Fun post, Pat! Although I'm horrified when I discover I've misused a word or phrase, I find a lot of those mistakes are a result of regional misuse--mostly the region where I grew up. My husband is the king of malapropisms and happily declares, "You say it your way and I'll say it mine," when I correct him. I think he just says that to make me crazy.

As a veteran of long layovers and delayed flights, I always have an extra book in case I finish the one I'm reading (in a foreign airport, getting a book in English can be a problem)and look for an airline lounge that accepts my AmEx Priority Pass. They usually have wifi, soft drinks, snacks and comfy seating so spending a couple of hours isn't such a pain.

You were luck to have company during your wait. Your family sounds like a lot of fun!

Pat O'Dea Rosen said...

Hi, Lark,
My family is a lot of fun, but my Texas-born daughters LAUGH at my mid-Atlantic-state pronunciation and phrasing, and don't get me started on standing in line versus on line.

I'll bet your husband's having fun making up malaproprisms to bug you. Meanwhile, I'm the queen of adding extra syllables to words. I drive myself crazy.

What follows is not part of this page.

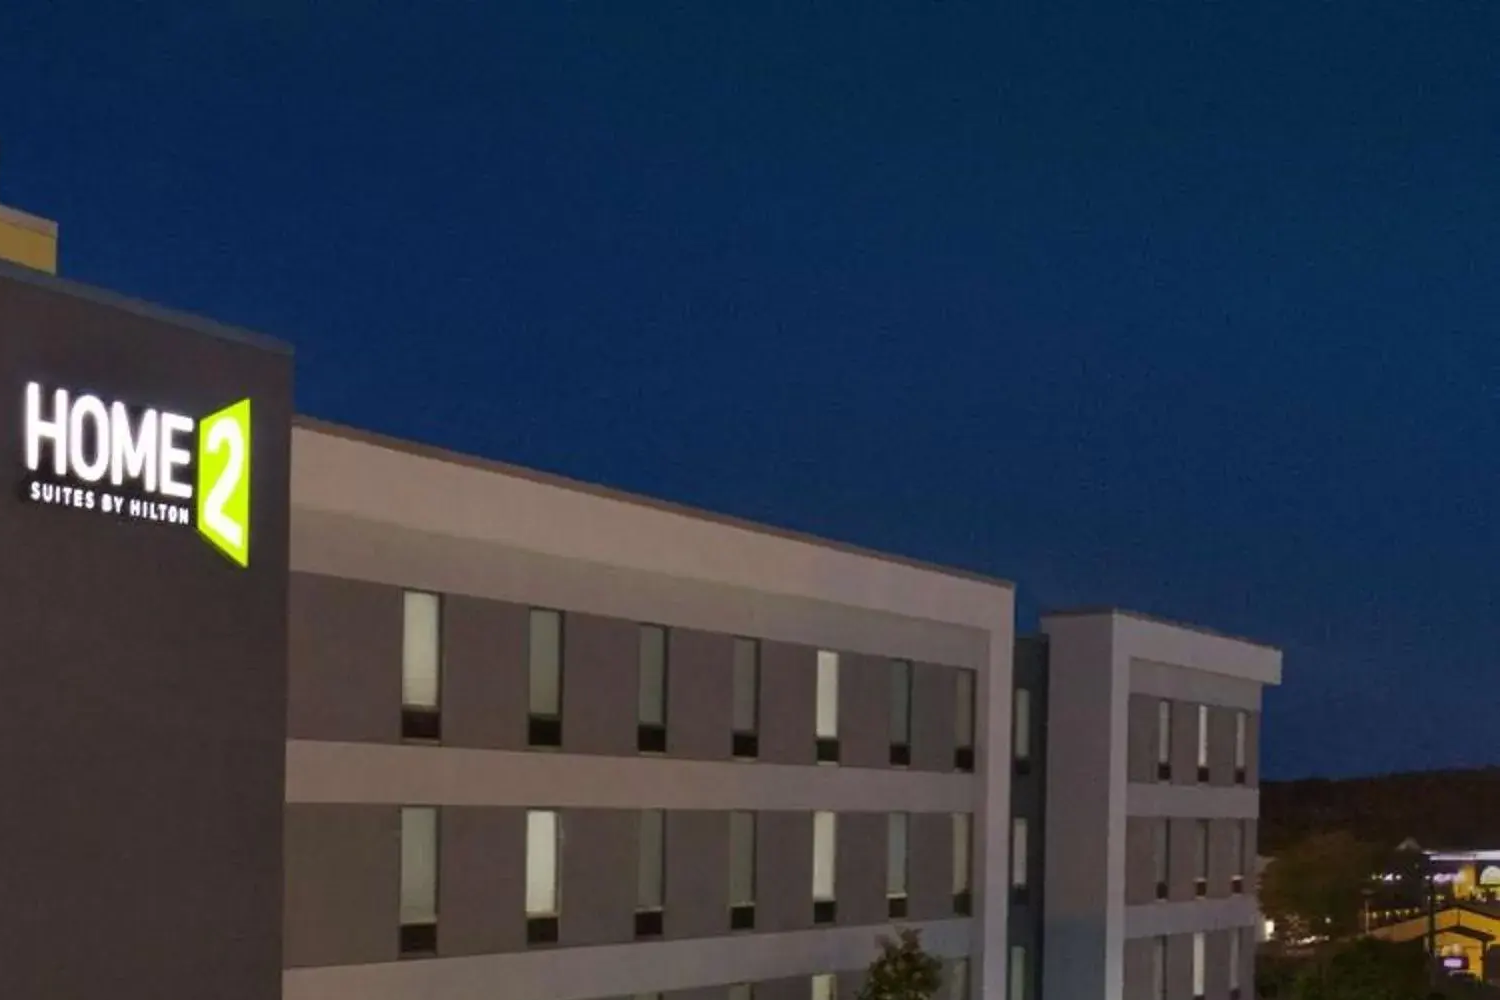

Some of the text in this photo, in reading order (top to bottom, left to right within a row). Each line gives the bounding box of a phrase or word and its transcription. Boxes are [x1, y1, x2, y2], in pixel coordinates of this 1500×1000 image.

[26, 381, 194, 499] HOME
[30, 481, 189, 525] SUITES BY HILTON

I wish I were as good a traveler as you. Happily, I now have a Kindle, and it's well-stocked.

Lark Howard said...

The extra syllables must be a mid-Atlantic thing. I do it too sometimes. I also catch myself putting a t at the end of across thanks to my Philly accent.

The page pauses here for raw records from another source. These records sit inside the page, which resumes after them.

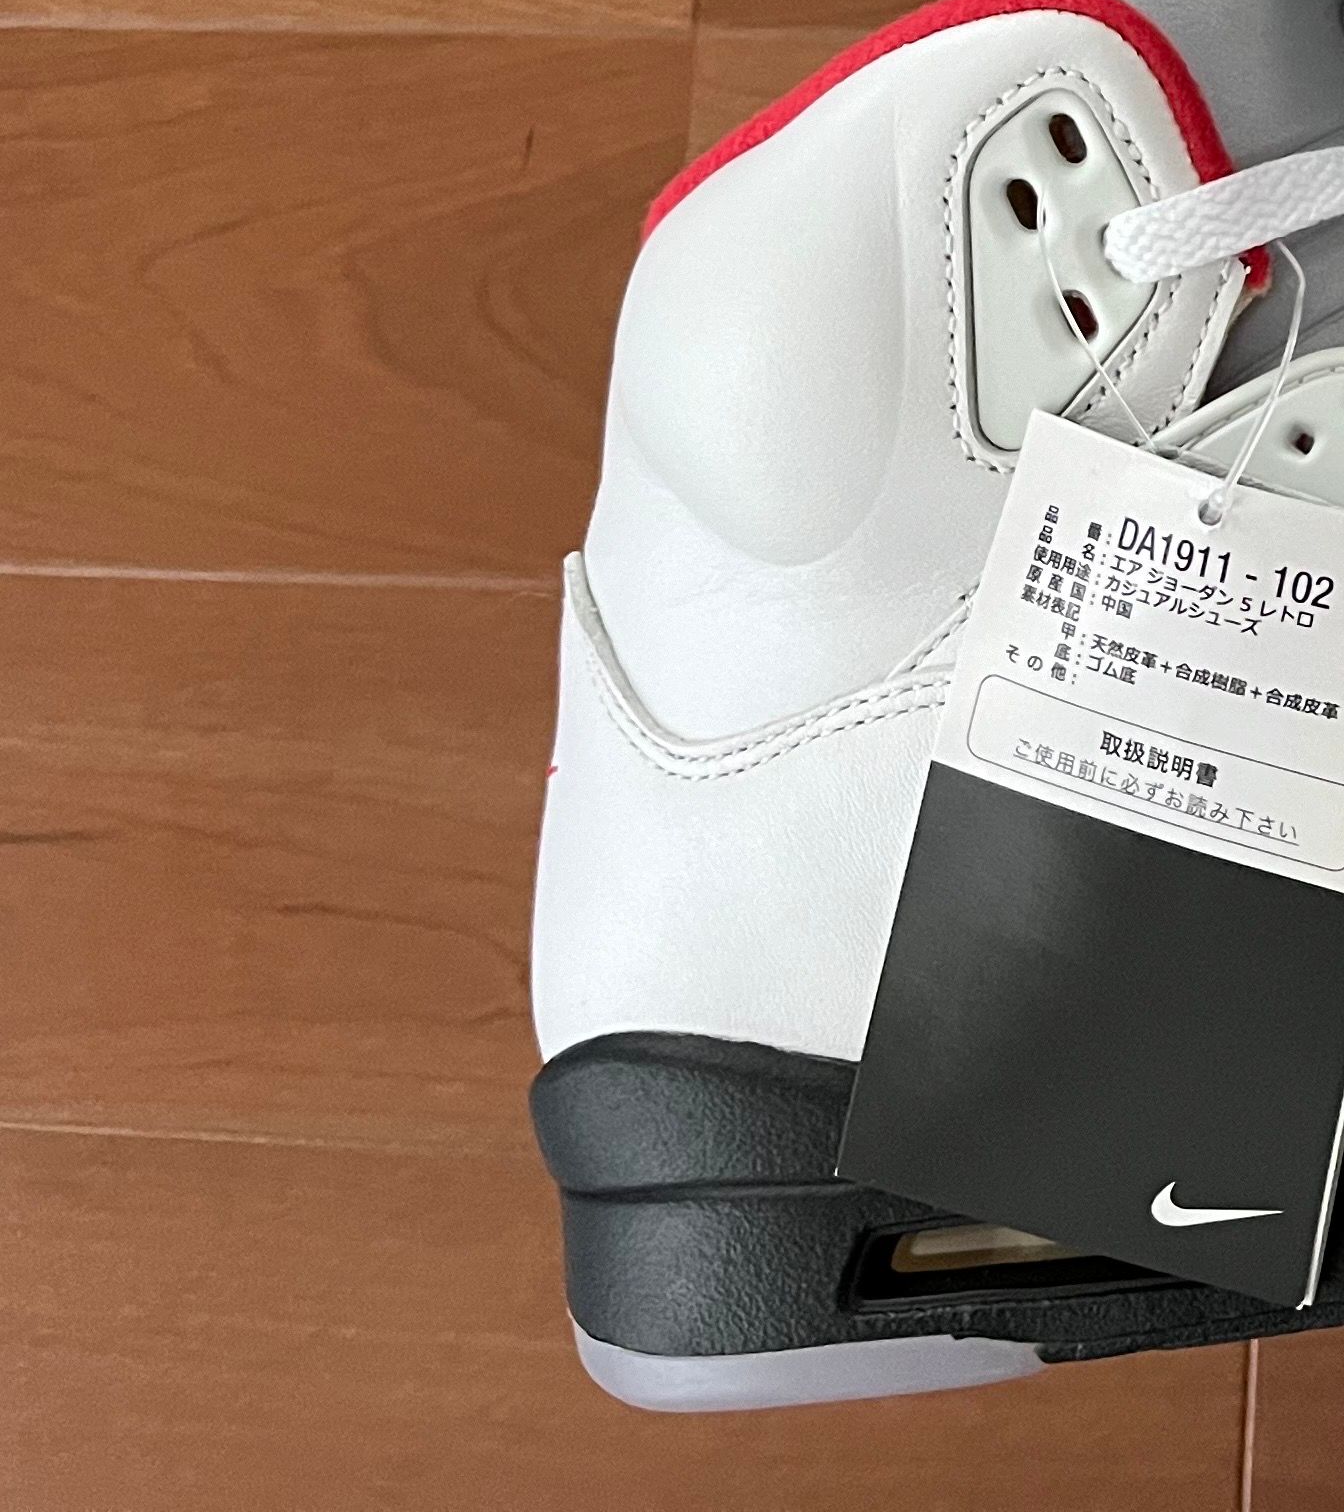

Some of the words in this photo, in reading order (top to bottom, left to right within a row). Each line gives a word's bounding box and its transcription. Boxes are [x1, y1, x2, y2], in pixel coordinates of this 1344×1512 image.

[1109, 554, 1144, 579] エア
[1147, 567, 1235, 607] ジョーダン
[1241, 597, 1251, 612] 5
[1259, 601, 1315, 628] レトロ
[1118, 516, 1231, 584] DA1911
[1273, 566, 1335, 610] 102
[1020, 584, 1080, 622] 素材表記
[1101, 595, 1133, 619] 中国
[1104, 575, 1259, 636] カジュアルシューズ
[1085, 653, 1137, 685] ゴム底
[1100, 730, 1218, 788] 取扱説明書
[1014, 737, 1299, 841] ご使用前に必ずお読み下さい

Aren't Kindles great? I travel with one too. Unfortunately you have to turn them off to take-off and land which leaves me with nothing to do for way too a paper book comes in handy.

aroseisarose said...

At least we were able to *home* in on the correct pronunciation of gyro...and Holsten's : ).

Pat O'Dea Rosen said...

Ha! The words I mispronounce will fill a half-dozen blog posts, Amy.

Melynda said... post!

Here are some more misuses that grate (not "great") on my nerves:

"I'll try to take another tact." It's take another tack--a sailing term.

"That ought to fit the bill." No...but it will fill the bill.

"She told a bold-faced lie." Nope. It's bald-faced.

And, finally, one of my favorite peeves: "I'll have some nice ice tea." Tea made of ice would be pretty bland, I should think. How about some iced tea?

Don't get me started on "whip cream!" ;-)

Pat O'Dea Rosen said...

I'm so glad you found your way here--and hope my post reminded you of similar wordathons with your girls.

Hate to tell you this, but while bald-faced lie is preferred, bold-faced is an acceptable variant. Many years ago, I got into an argument with a co-worker over this and had to eat crow when she proved bold-faced IS in the dictionary.

I'm with you in finding ice tea and whip cream incomprehensible.

Are you sitting down? I'm pretty sure I've said, "fill the bill." I KNOW it's fit, but my tongue anticipates the ll of bill and glides past the t.

Thanks so much for stopping by.

Coleen Patrick said...

Your word conversations sound like the ones my son and I get into in the car!
I also liked that phrases to purge post too.
Oh and we lived in Memphis for a year and a half, our apartment was blocks from one of the Corky's restaurants. Oh the smells...

Pat O'Dea Rosen said...

Hi, Coleen,
I, too, love the smell of barbecue.

So your son's a word wonk? Apples don't fall far from the tree, do they?